Work to complete
The answer must be an exact copy of the records, with every picture left out.

Data for this exercise
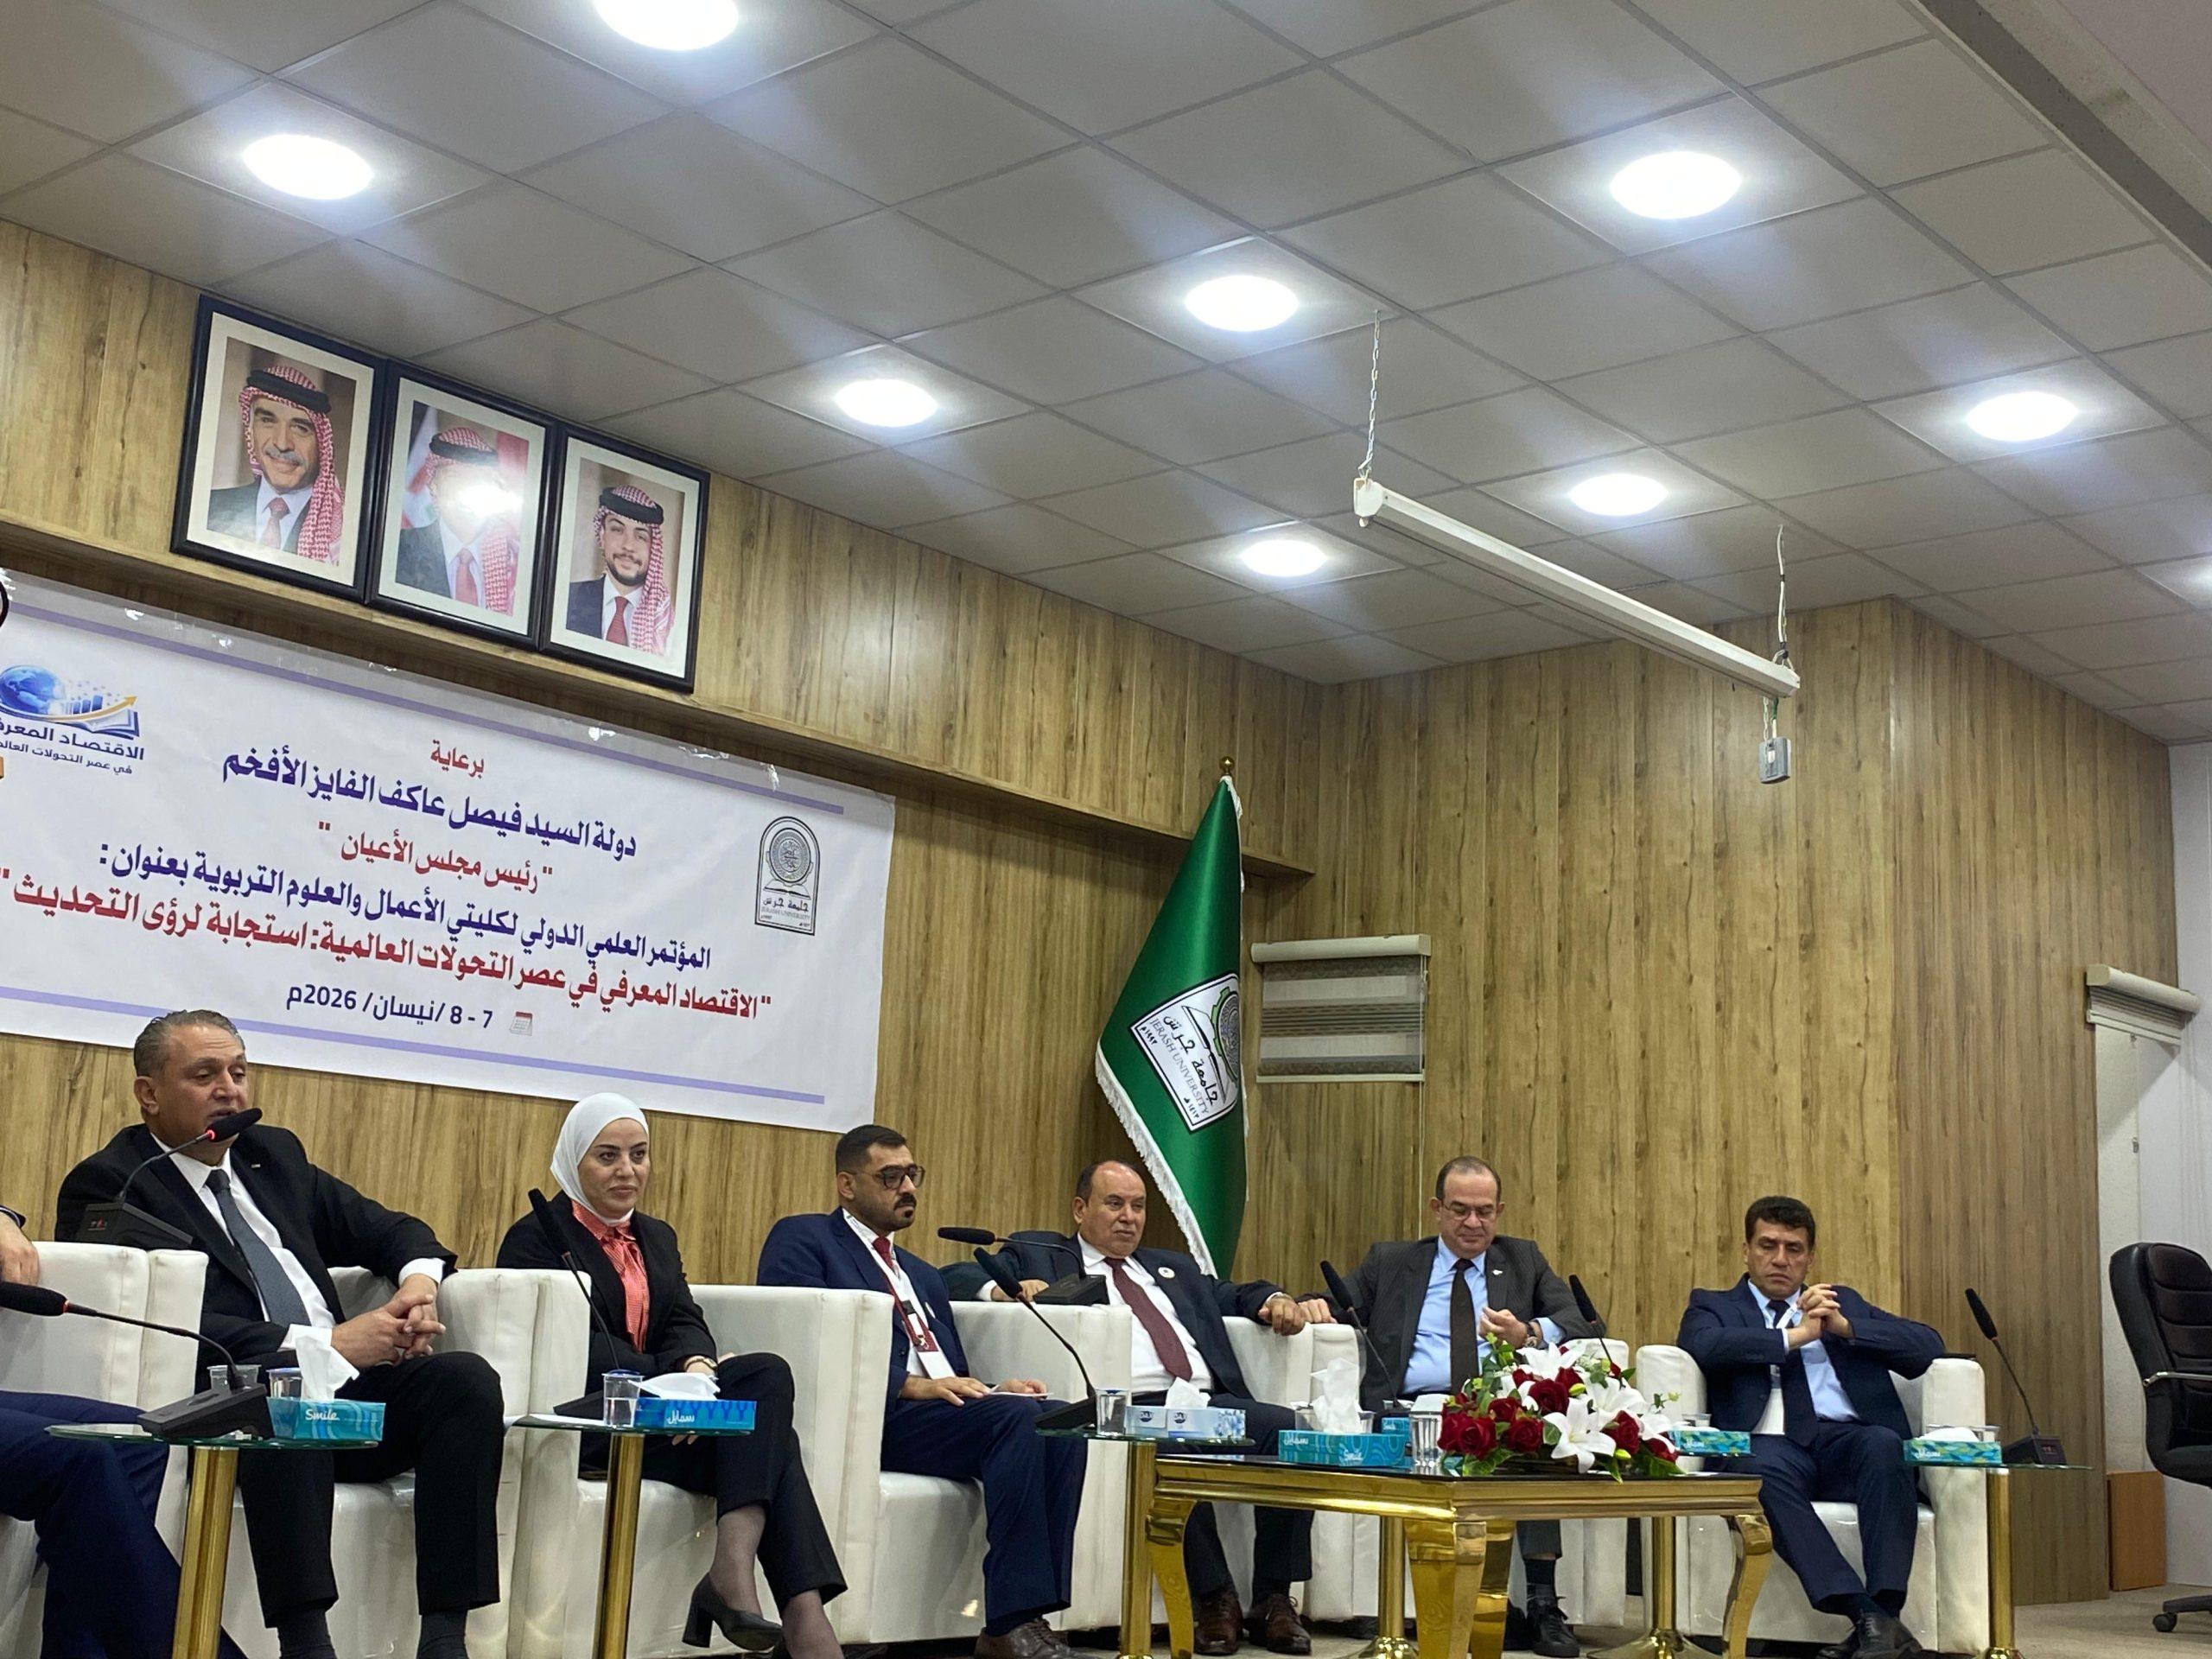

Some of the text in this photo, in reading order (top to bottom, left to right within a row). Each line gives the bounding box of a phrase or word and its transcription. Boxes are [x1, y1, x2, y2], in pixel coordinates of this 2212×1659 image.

[31, 747, 84, 765] التحولات
[59, 733, 145, 761] الاقتصاد
[86, 759, 111, 770] عصر
[430, 739, 485, 779] برعاية
[112, 764, 133, 776] في
[222, 744, 637, 862] دولة السيد فيصل عاكف الفايز الأفخم
[340, 828, 414, 864] الأعيان
[414, 849, 481, 880] مجلس
[192, 850, 284, 898] التربوية
[286, 876, 362, 917] والعلوم
[364, 886, 446, 925] الأعمال
[142, 897, 203, 938] لرؤى
[206, 900, 308, 949] استجابة
[446, 902, 519, 943] لكليتي
[520, 917, 584, 956] الدولي
[416, 944, 514, 982] التحولات
[585, 931, 646, 965] العلمي
[645, 939, 711, 973] المؤتمر
[513, 967, 566, 990] عصر
[569, 963, 598, 1009] في
[600, 969, 677, 1014] المعرفي
[449, 1005, 463, 1025] 8
[482, 1009, 493, 1029] 7
[1149, 1018, 1210, 1114] JERASH UNIVERSITY
[1192, 1058, 1217, 1107] جامعة
[305, 1408, 340, 1421] Smile
[666, 1409, 696, 1425] سمايل
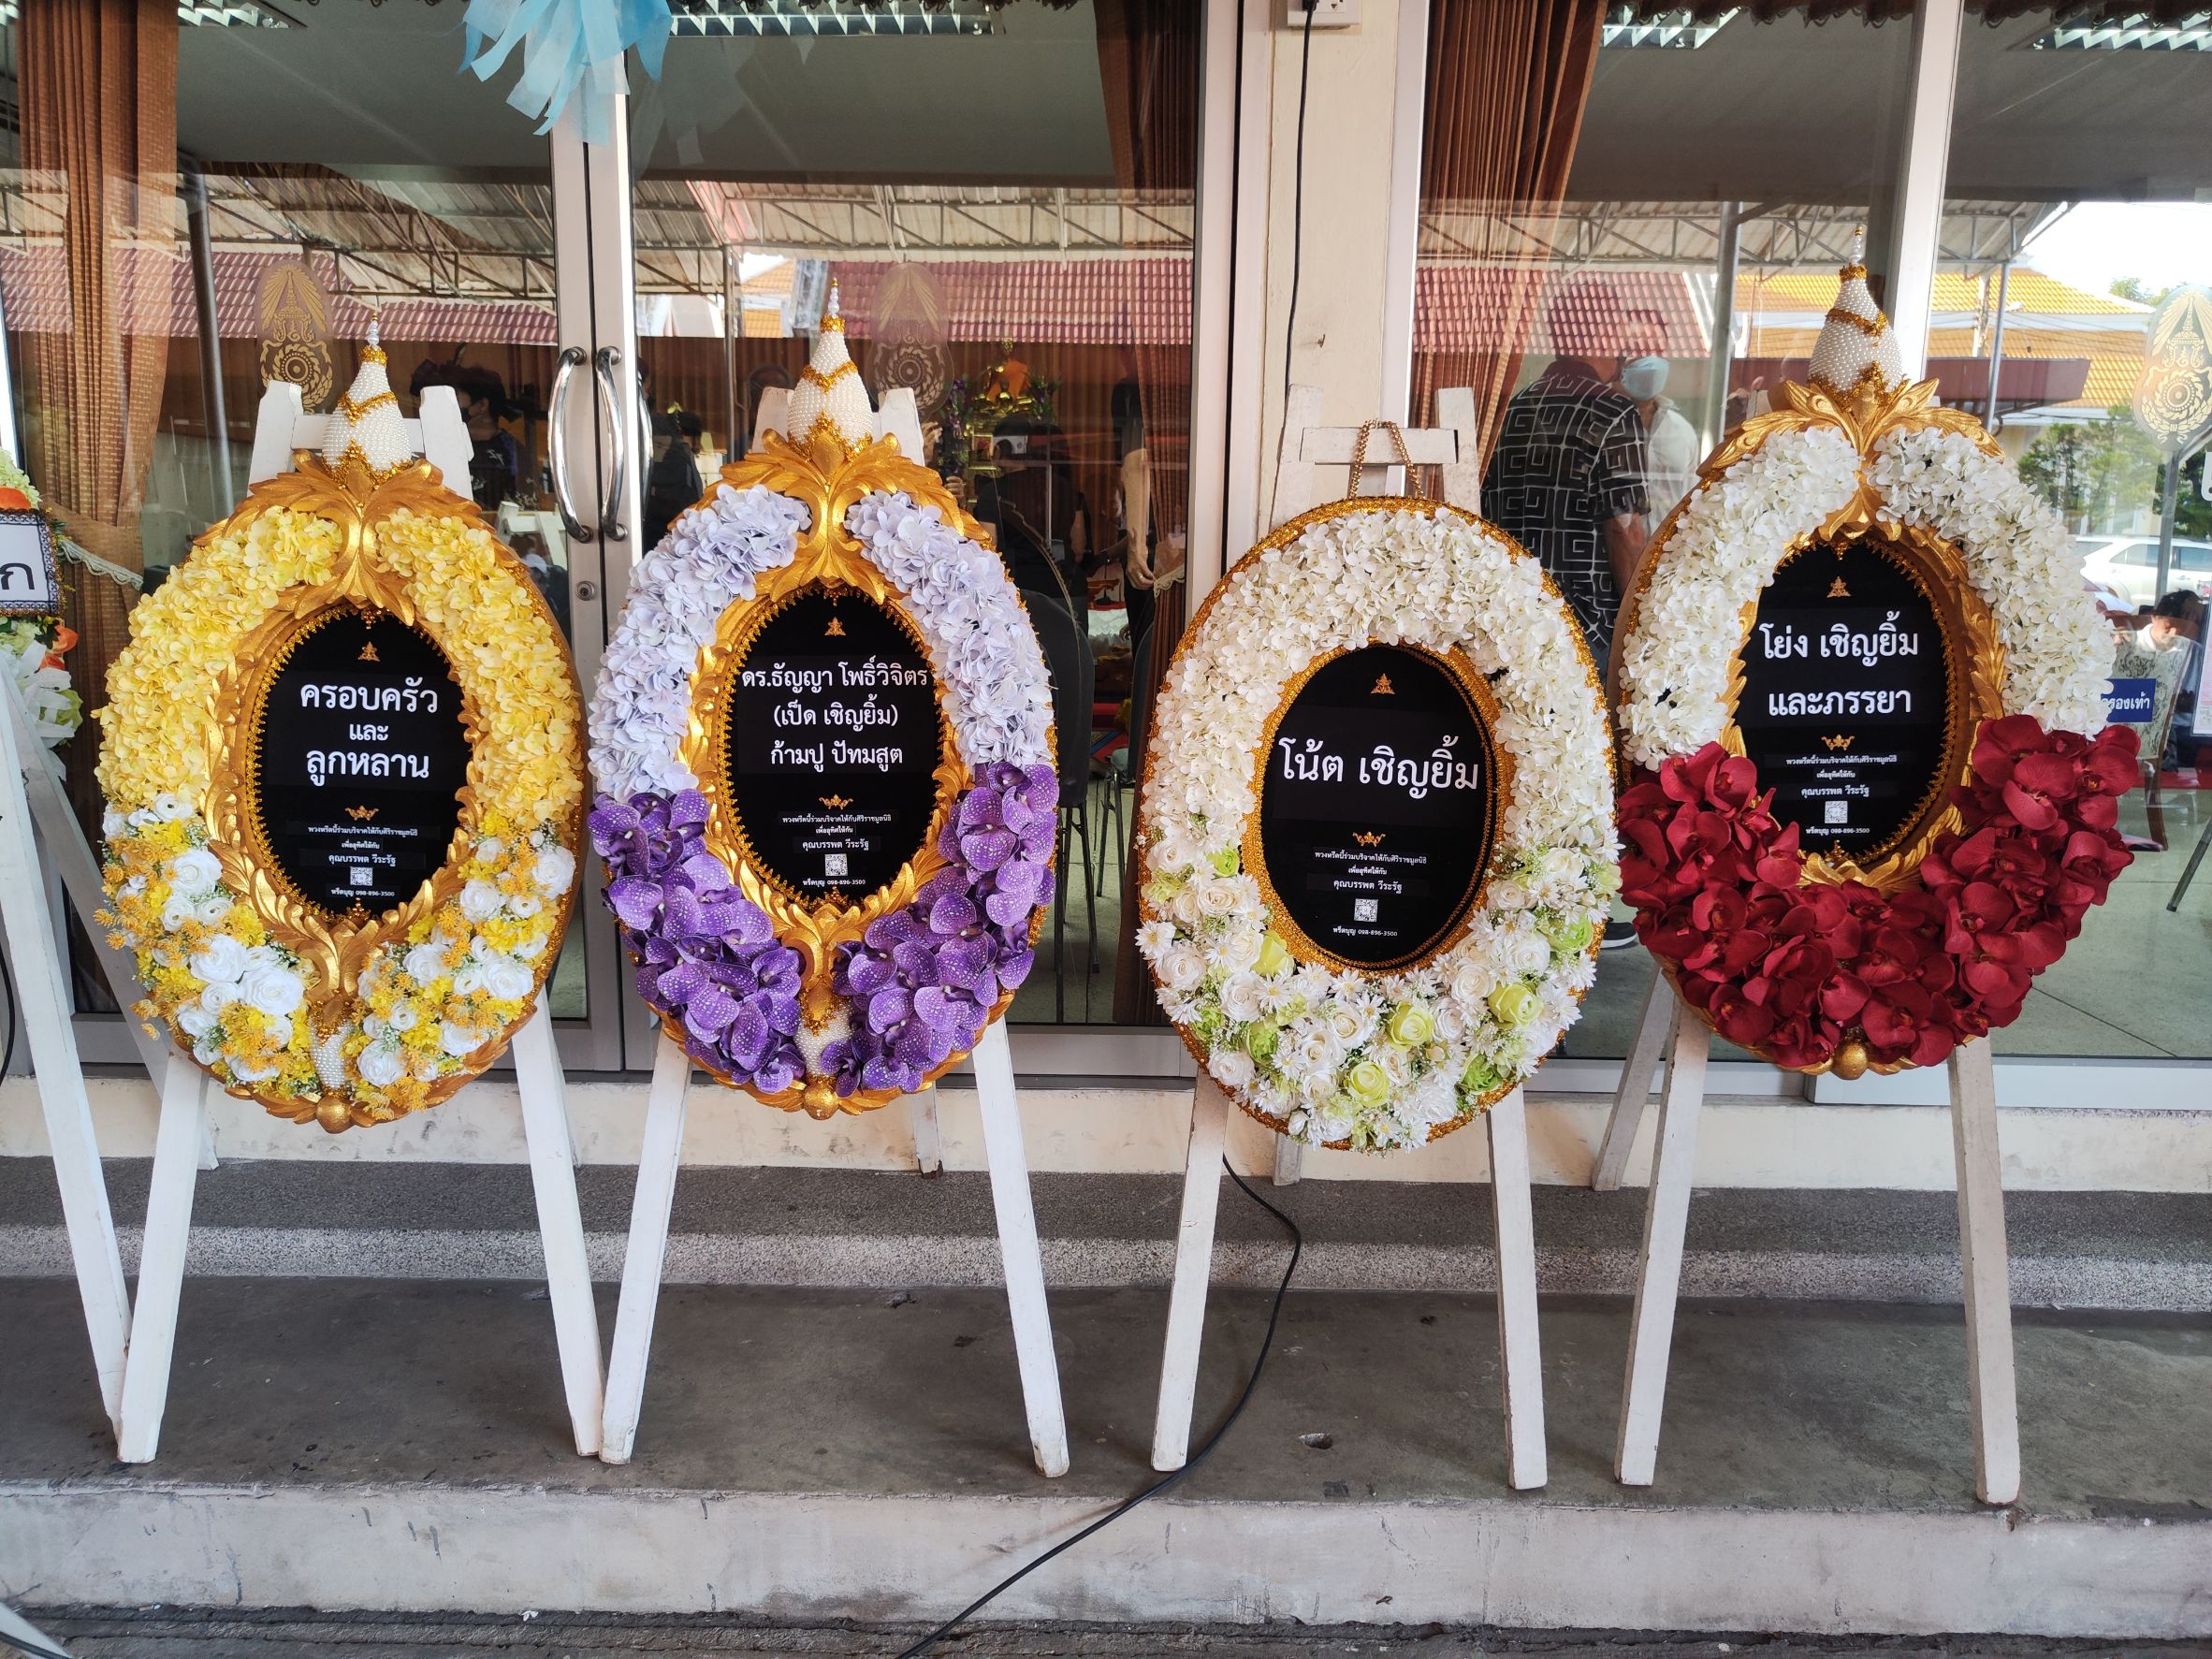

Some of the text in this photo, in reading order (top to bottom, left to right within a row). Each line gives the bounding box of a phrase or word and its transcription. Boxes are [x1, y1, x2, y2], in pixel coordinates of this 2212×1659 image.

Answer to this exercise
Some of the text in this photo, in reading order (top to bottom, left to right within a row). Each line gives the bounding box of a phrase or word and its transcription. Boxes are [x1, y1, x2, y2], in pixel coordinates of this 2212×1659 image.

[31, 747, 84, 765] التحولات
[59, 733, 145, 761] الاقتصاد
[86, 759, 111, 770] عصر
[430, 739, 485, 779] برعاية
[112, 764, 133, 776] في
[222, 744, 637, 862] دولة السيد فيصل عاكف الفايز الأفخم
[340, 828, 414, 864] الأعيان
[414, 849, 481, 880] مجلس
[192, 850, 284, 898] التربوية
[286, 876, 362, 917] والعلوم
[364, 886, 446, 925] الأعمال
[142, 897, 203, 938] لرؤى
[206, 900, 308, 949] استجابة
[446, 902, 519, 943] لكليتي
[520, 917, 584, 956] الدولي
[416, 944, 514, 982] التحولات
[585, 931, 646, 965] العلمي
[645, 939, 711, 973] المؤتمر
[513, 967, 566, 990] عصر
[569, 963, 598, 1009] في
[600, 969, 677, 1014] المعرفي
[449, 1005, 463, 1025] 8
[482, 1009, 493, 1029] 7
[1149, 1018, 1210, 1114] JERASH UNIVERSITY
[1192, 1058, 1217, 1107] جامعة
[305, 1408, 340, 1421] Smile
[666, 1409, 696, 1425] سمايل

Some of the text in this photo, in reading order (top to bottom, left to right within a row). Each line gives the bounding box of a phrase or word and its transcription. Boxes are [x1, y1, x2, y2], in pixel coordinates of this 2212×1659 image.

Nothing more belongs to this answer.